High gluten diet in pregnancy linked to increased risk of diabetes in children

However, the researchers say that further studies are needed to confirm or rule out these findings before any changes to dietary recommendations could be justified.

Gluten is a general name for the proteins found in wheat, rye, and barley and is suggested to affect the development of type 1 diabetes.
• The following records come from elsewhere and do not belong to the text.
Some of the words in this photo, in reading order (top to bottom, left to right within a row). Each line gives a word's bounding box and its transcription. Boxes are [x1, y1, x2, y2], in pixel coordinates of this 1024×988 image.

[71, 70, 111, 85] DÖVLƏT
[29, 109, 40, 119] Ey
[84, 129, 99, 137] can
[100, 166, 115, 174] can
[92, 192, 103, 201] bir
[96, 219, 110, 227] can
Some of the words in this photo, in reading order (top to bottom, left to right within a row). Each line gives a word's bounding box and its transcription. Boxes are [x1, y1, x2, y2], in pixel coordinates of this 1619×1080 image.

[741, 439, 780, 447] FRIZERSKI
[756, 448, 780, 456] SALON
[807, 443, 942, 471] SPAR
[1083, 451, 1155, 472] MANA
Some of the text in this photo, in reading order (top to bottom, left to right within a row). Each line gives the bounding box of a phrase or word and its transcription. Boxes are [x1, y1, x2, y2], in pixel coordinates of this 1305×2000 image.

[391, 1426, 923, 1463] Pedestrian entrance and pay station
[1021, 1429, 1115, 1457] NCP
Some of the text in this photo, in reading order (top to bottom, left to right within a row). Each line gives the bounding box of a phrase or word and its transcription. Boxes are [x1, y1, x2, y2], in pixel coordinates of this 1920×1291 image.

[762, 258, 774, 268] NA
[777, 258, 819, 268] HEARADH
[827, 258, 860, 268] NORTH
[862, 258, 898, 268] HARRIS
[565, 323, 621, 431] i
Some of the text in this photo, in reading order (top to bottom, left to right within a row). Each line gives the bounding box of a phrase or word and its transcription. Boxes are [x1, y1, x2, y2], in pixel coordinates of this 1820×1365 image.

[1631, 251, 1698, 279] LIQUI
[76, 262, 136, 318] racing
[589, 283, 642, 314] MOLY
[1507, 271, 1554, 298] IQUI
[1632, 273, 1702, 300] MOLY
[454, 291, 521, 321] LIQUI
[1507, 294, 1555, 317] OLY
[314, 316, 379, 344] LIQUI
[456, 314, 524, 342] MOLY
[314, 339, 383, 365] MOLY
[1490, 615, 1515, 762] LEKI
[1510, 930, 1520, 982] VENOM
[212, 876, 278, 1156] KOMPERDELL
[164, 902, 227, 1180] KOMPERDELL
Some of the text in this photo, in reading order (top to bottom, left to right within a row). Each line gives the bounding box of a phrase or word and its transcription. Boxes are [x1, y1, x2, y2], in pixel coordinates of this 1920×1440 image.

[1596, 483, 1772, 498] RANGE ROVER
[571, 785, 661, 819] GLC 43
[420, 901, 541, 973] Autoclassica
In animal studies, a gluten free diet during pregnancy almost completely prevented type 1 diabetes in offspring, but no intervention study has been undertaken in pregnant women.

To better understand the nature of this association, researchers led by Julie Antvorskov at the Bartholin Institute in Denmark in collaboration with researchers at Denmark’s Statens Serum Institut, set out to examine whether gluten intake during pregnancy is associated with subsequent risk of type 1 diabetes in children.

They analysed data for 63,529 pregnant women enrolled into the Danish National Birth Cohort between January 1996 and October 2002.

Women reported their diet using a food frequency questionnaire at week 25 of pregnancy and information on type 1 diabetes in their children was obtained through the Danish Registry of Childhood and Adolescent Diabetes.

Average gluten intake was 13 g/day, ranging from less than 7 g/day to more than 20 g/day, and the researchers identified 247 cases of type 1 diabetes (a rate of 0.37%) among the participants’ children.

After taking account of potentially influential factors, such as mother’s age, weight (BMI), total energy intake, and smoking during pregnancy,they found that the child’s risk of type 1 diabetes increased proportionally with the mother’s gluten intake during pregnancy (per 10 g/day increase).

For example, children of women with the highest gluten intake (20 g/day or more) versus those with the lowest gluten intake (less than 7 g/day) had double the risk of developing type 1 diabetes over a mean follow-up period of 15.6 years.

This is an observational study, so no firm conclusions can be drawn about cause and effect. However, the researchers say this was a high quality study with a large sample size, and they were able to adjust for a number of factors that could have affected the results.

The mechanisms that might explain this association are not known, but could include increased inflammation or increased gut permeability (so-called leakiness of the gut), they write. However, more evidence is needed before changes to dietary recommendations could be justified, they conclude.

In a linked editorial, researchers at the National Institute for Health and Welfare in Finland, say further studies are needed “to identify whether the proposed association really is driven by gluten, or by something else in the grains or the diet.”

The authors agree that it is too early to change dietary recommendations on gluten intake in pregnancy, but say doctors, researchers, and the public “should be aware of the possibility that consuming large amounts of gluten might be associated with an increased risk for the child to develop type 1 diabetes, and that further studies are needed to confirm or rule out these findings, and to explore possible underlying mechanisms.”